[Source records]
Content starts

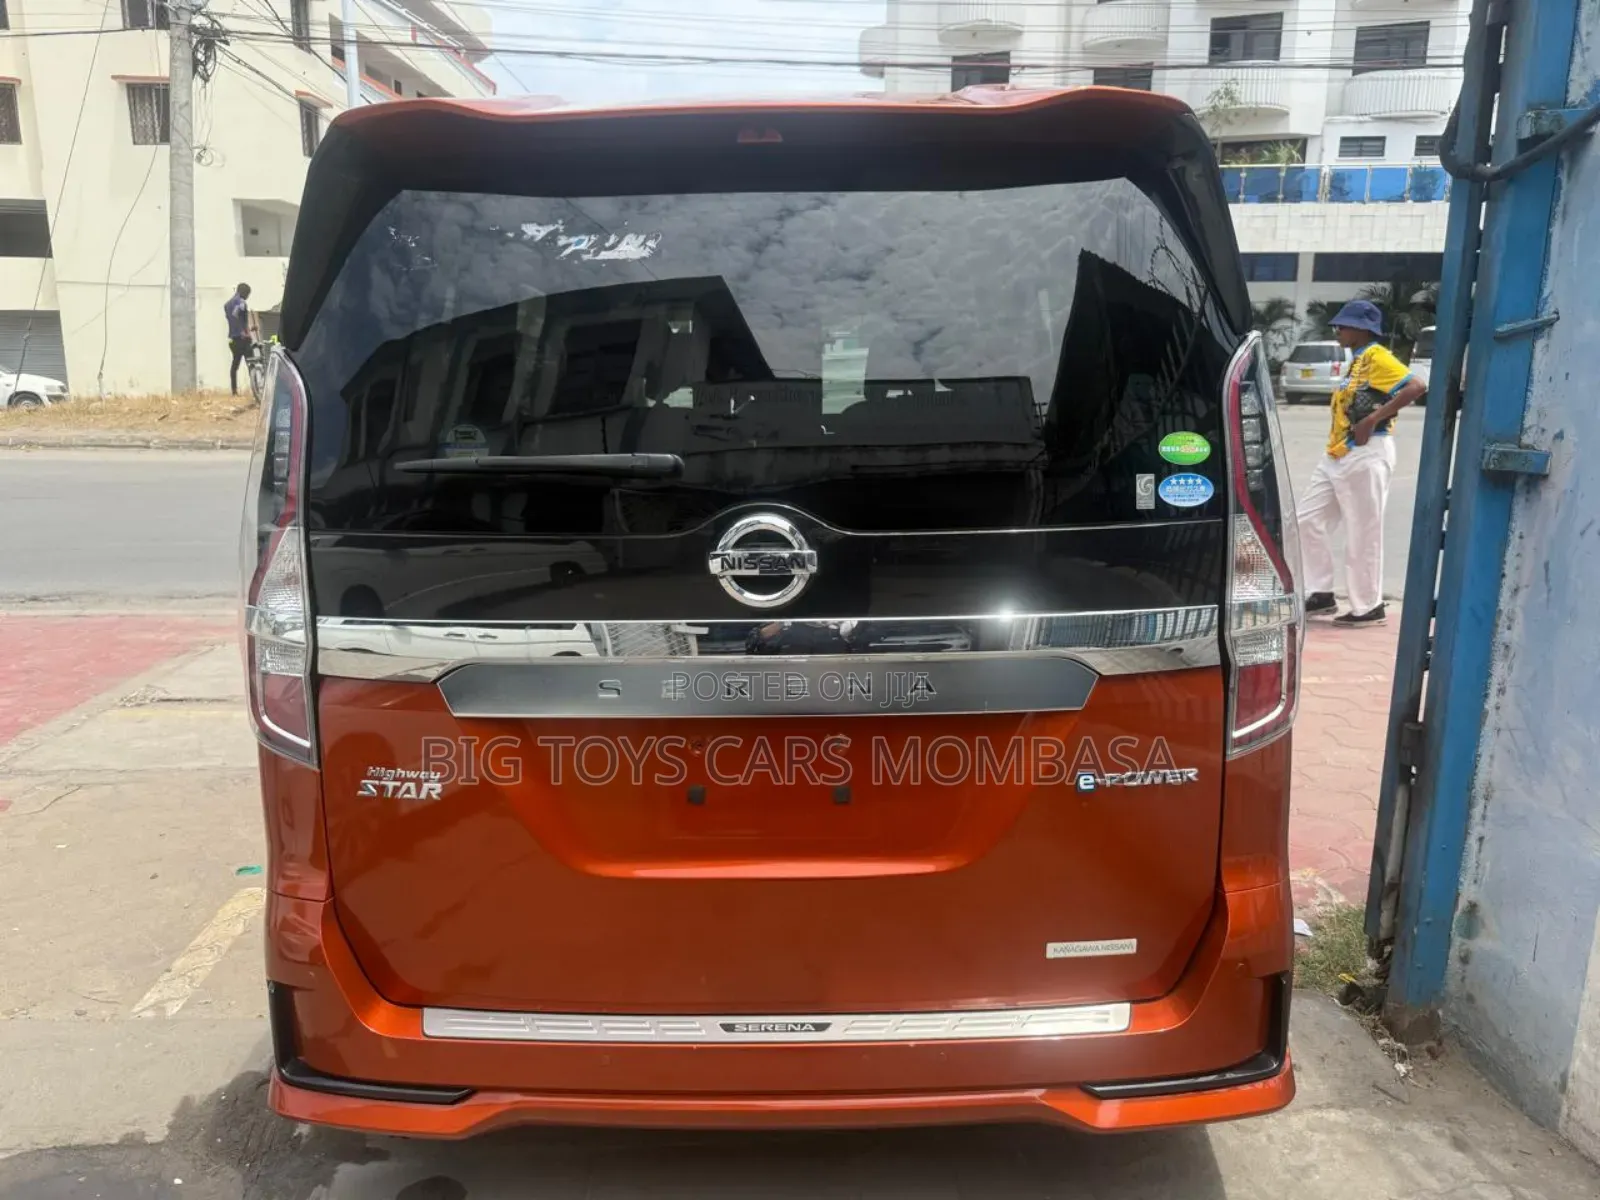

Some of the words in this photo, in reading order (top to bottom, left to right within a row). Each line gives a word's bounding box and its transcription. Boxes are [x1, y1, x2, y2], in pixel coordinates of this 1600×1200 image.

[720, 555, 806, 571] NISSAN
[598, 675, 937, 698] SERENA
[366, 766, 441, 781] Highway
[356, 780, 443, 800] STAR
[734, 1023, 816, 1032] SERENA
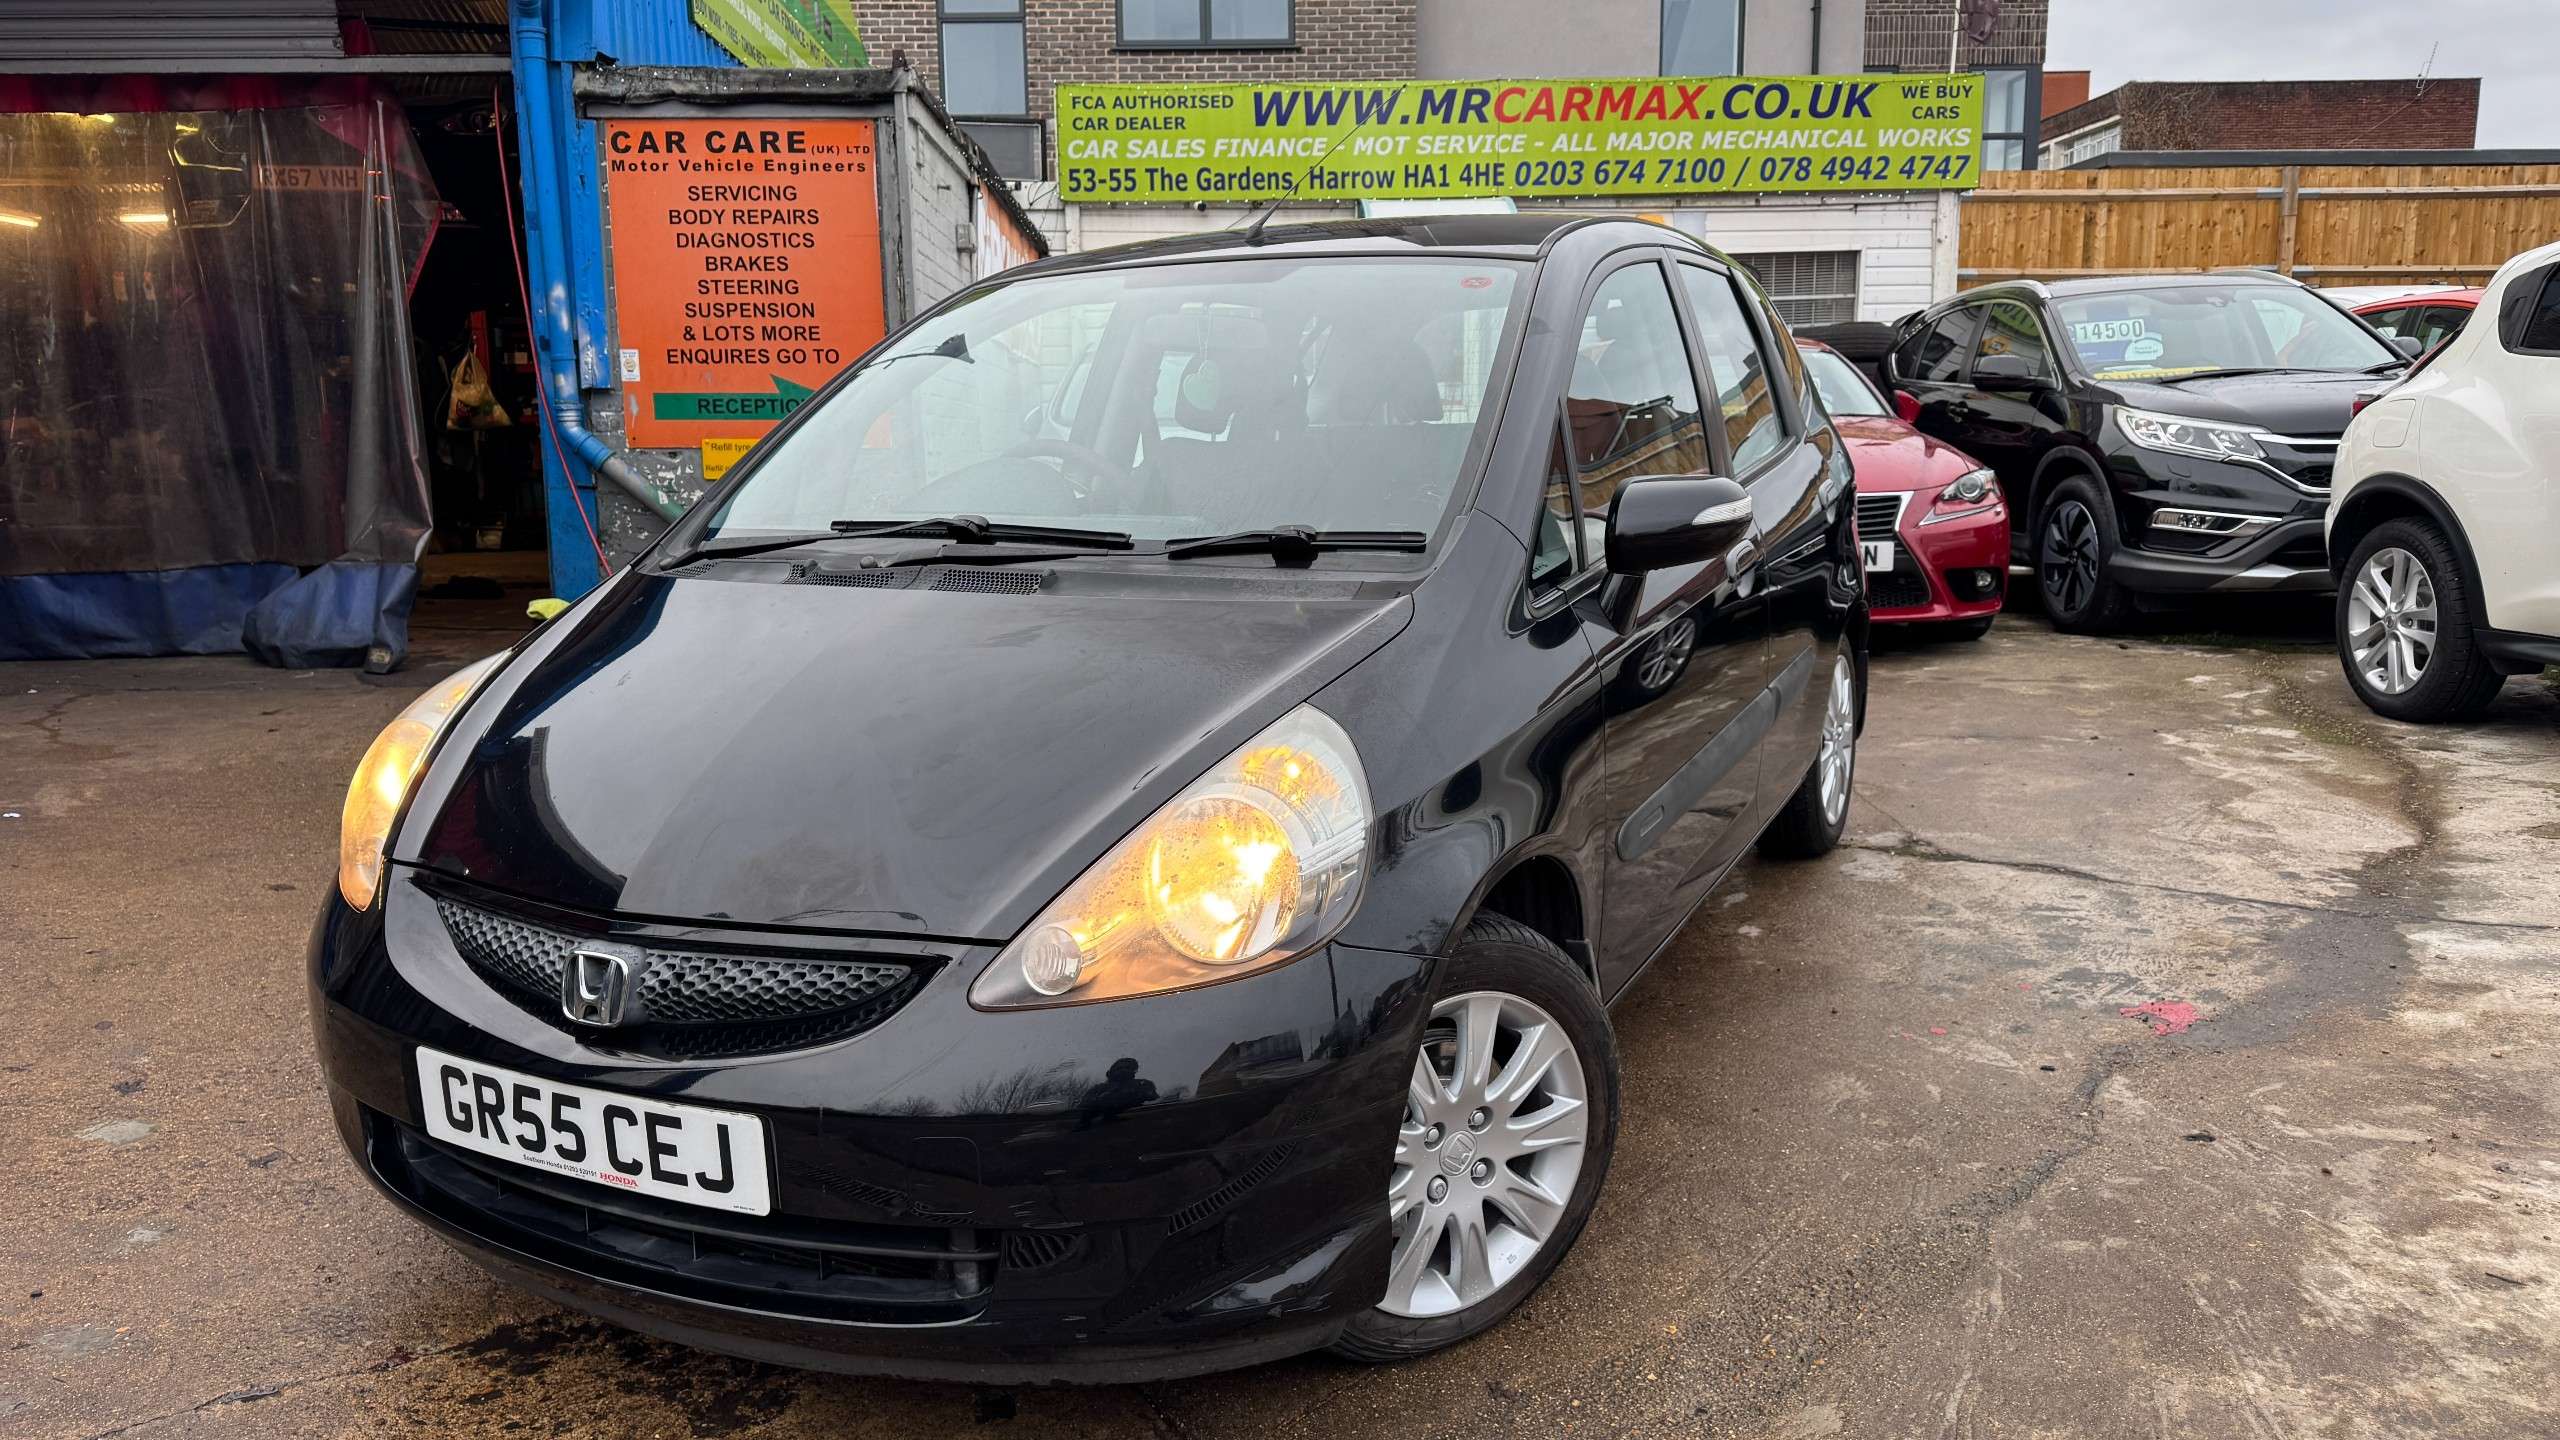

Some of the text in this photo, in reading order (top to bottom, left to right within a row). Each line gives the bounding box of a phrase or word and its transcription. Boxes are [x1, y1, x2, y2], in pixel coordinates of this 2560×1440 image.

[1902, 85, 1972, 98] WE BUY
[1072, 95, 1234, 109] FCA AUTHORISED
[1253, 84, 1879, 126] WWW.MRCARMAX.CO.UK
[1912, 106, 1959, 120] CARS
[1073, 116, 1186, 130] CAR DEALER
[610, 130, 870, 155] CAR CARE (UK) LTD
[1067, 139, 1119, 159] CAR
[1126, 139, 1206, 158] SALES
[1213, 137, 1327, 158] FINANCE
[1353, 136, 1409, 156] MOT
[1415, 135, 1526, 155] SERVICE
[1552, 134, 1596, 152] ALL
[1606, 131, 1695, 151] MAJOR
[1701, 130, 1867, 150] MECHANICAL
[1877, 128, 1970, 148] WORKS
[611, 159, 866, 175] Motor Vehicle Engineers
[1068, 155, 1971, 195] 53-55 The Gardens, Harrow HA1 4HE 0203 674 7100 / 078 4942 4747
[318, 168, 358, 188] VNH
[688, 185, 798, 201] SERVICING
[669, 209, 819, 225] BODY REPAIRS
[676, 232, 815, 248] DIAGNOSTICS
[705, 256, 789, 271] BRAKES
[697, 279, 799, 295] STEERING
[685, 302, 815, 318] SUSPENSION
[683, 325, 821, 341] & LOTS MORE
[2080, 320, 2143, 340] 14500
[667, 349, 840, 366] ENQUIRES GO TO
[698, 398, 804, 414] RECEPTIO
[1860, 545, 1877, 566] N
[440, 1064, 734, 1194] GR55 CEJ
[600, 1172, 638, 1187] HONDA
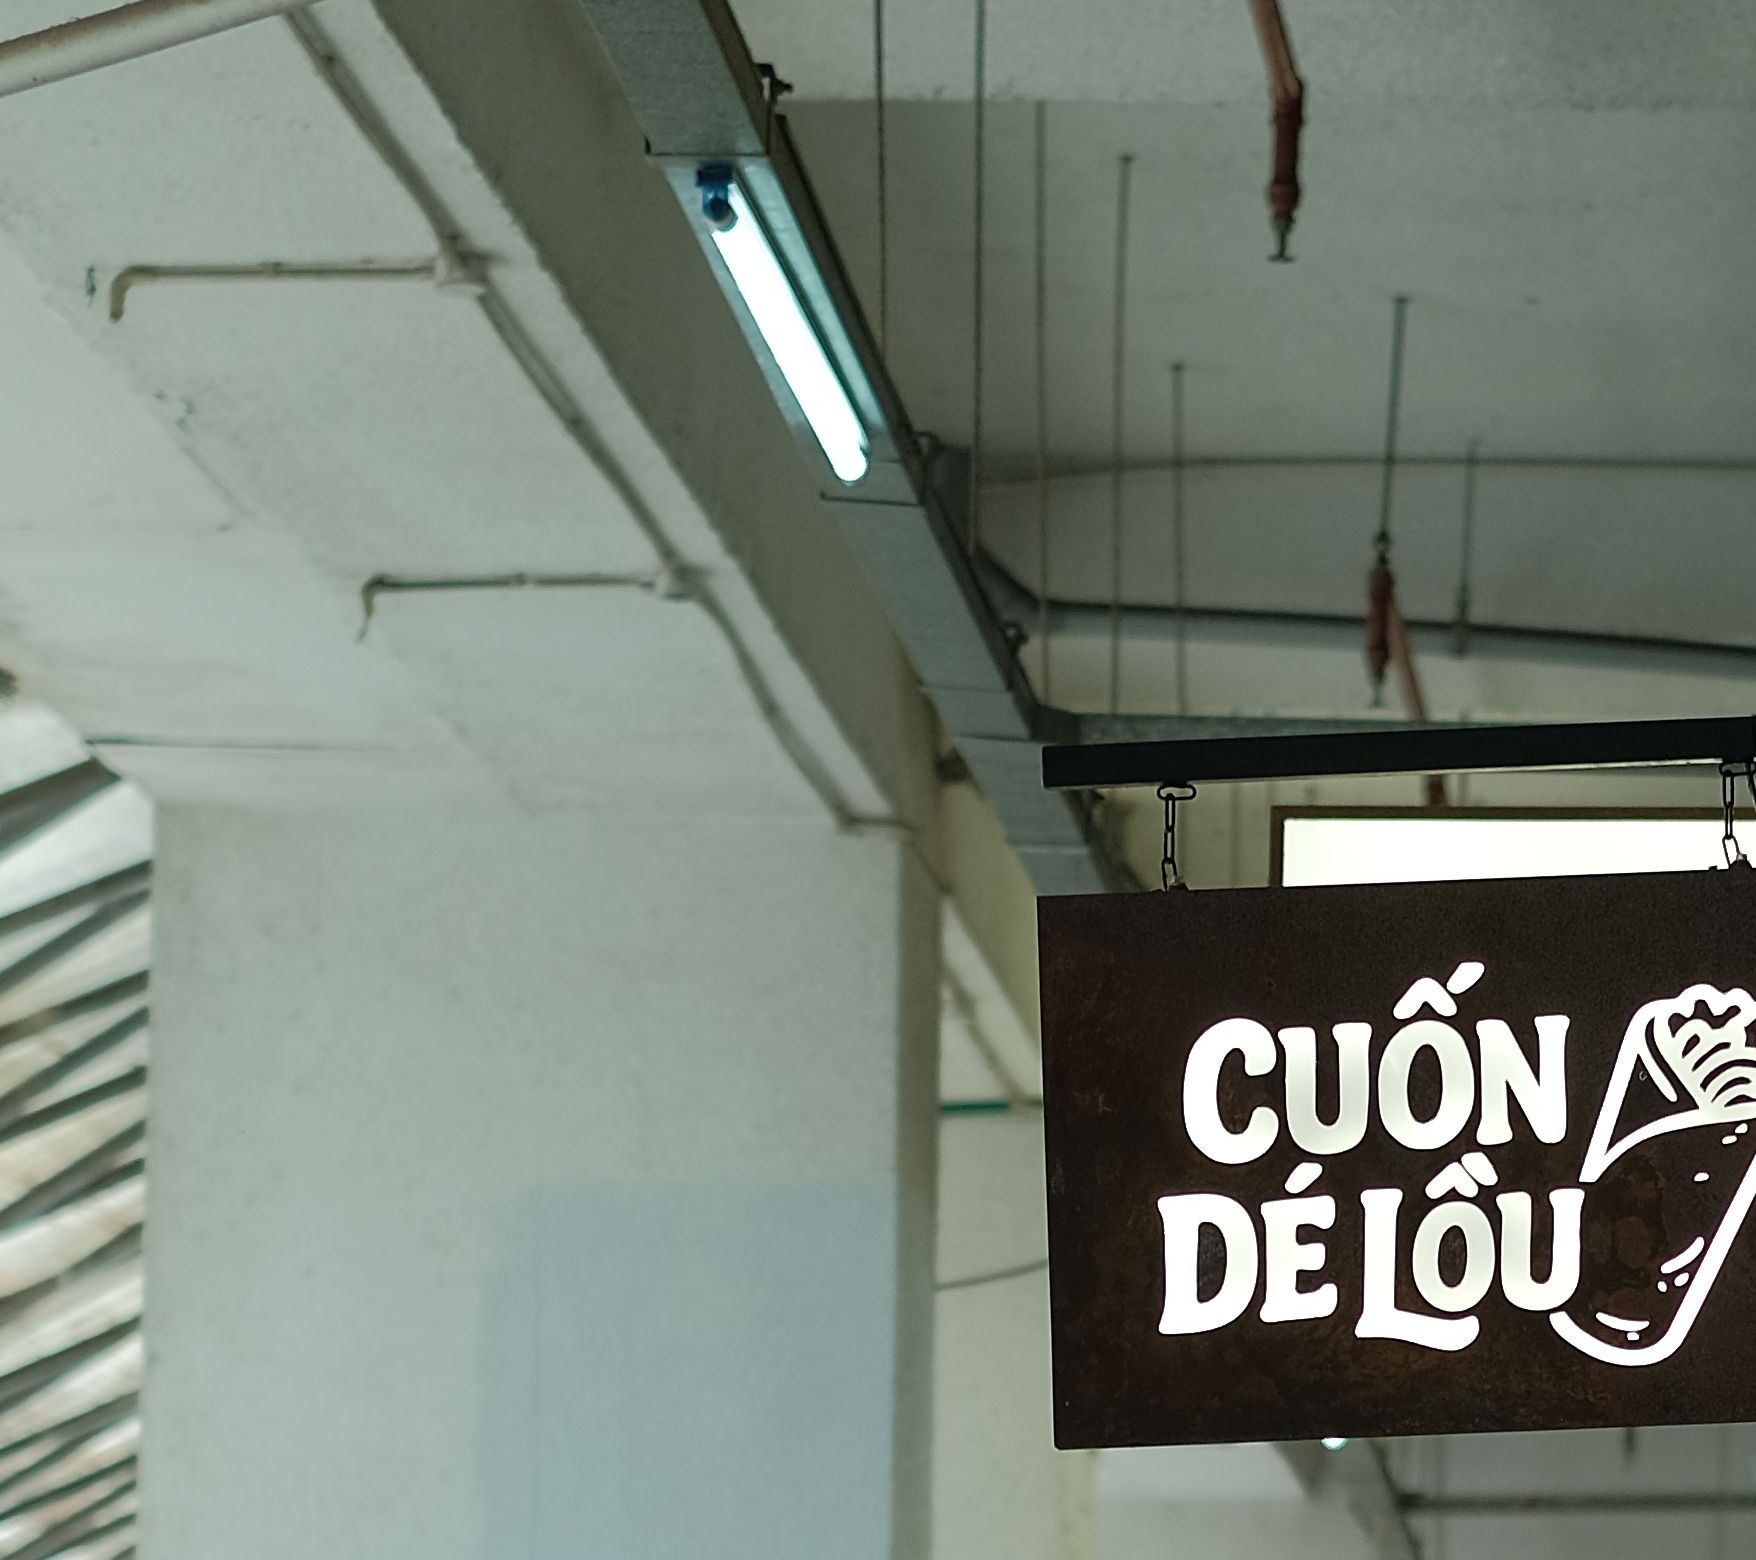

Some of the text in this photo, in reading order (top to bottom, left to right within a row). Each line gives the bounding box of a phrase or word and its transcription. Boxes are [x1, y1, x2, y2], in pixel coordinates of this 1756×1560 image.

[1183, 961, 1571, 1165] CUỐN
[1157, 1152, 1585, 1351] DÉ LỒU

Content ends

Problem to solve: Every line above should be returned exactly; the pictures stay out.

Solved exercise:
Some of the words in this photo, in reading order (top to bottom, left to right within a row). Each line gives a word's bounding box and its transcription. Boxes are [x1, y1, x2, y2], in pixel coordinates of this 1600×1200 image.

[720, 555, 806, 571] NISSAN
[598, 675, 937, 698] SERENA
[366, 766, 441, 781] Highway
[356, 780, 443, 800] STAR
[734, 1023, 816, 1032] SERENA

Some of the text in this photo, in reading order (top to bottom, left to right within a row). Each line gives the bounding box of a phrase or word and its transcription. Boxes are [x1, y1, x2, y2], in pixel coordinates of this 2560×1440 image.

[1902, 85, 1972, 98] WE BUY
[1072, 95, 1234, 109] FCA AUTHORISED
[1253, 84, 1879, 126] WWW.MRCARMAX.CO.UK
[1912, 106, 1959, 120] CARS
[1073, 116, 1186, 130] CAR DEALER
[610, 130, 870, 155] CAR CARE (UK) LTD
[1067, 139, 1119, 159] CAR
[1126, 139, 1206, 158] SALES
[1213, 137, 1327, 158] FINANCE
[1353, 136, 1409, 156] MOT
[1415, 135, 1526, 155] SERVICE
[1552, 134, 1596, 152] ALL
[1606, 131, 1695, 151] MAJOR
[1701, 130, 1867, 150] MECHANICAL
[1877, 128, 1970, 148] WORKS
[611, 159, 866, 175] Motor Vehicle Engineers
[1068, 155, 1971, 195] 53-55 The Gardens, Harrow HA1 4HE 0203 674 7100 / 078 4942 4747
[318, 168, 358, 188] VNH
[688, 185, 798, 201] SERVICING
[669, 209, 819, 225] BODY REPAIRS
[676, 232, 815, 248] DIAGNOSTICS
[705, 256, 789, 271] BRAKES
[697, 279, 799, 295] STEERING
[685, 302, 815, 318] SUSPENSION
[683, 325, 821, 341] & LOTS MORE
[2080, 320, 2143, 340] 14500
[667, 349, 840, 366] ENQUIRES GO TO
[698, 398, 804, 414] RECEPTIO
[1860, 545, 1877, 566] N
[440, 1064, 734, 1194] GR55 CEJ
[600, 1172, 638, 1187] HONDA

Some of the text in this photo, in reading order (top to bottom, left to right within a row). Each line gives the bounding box of a phrase or word and its transcription. Boxes are [x1, y1, x2, y2], in pixel coordinates of this 1756×1560 image.

[1183, 961, 1571, 1165] CUỐN
[1157, 1152, 1585, 1351] DÉ LỒU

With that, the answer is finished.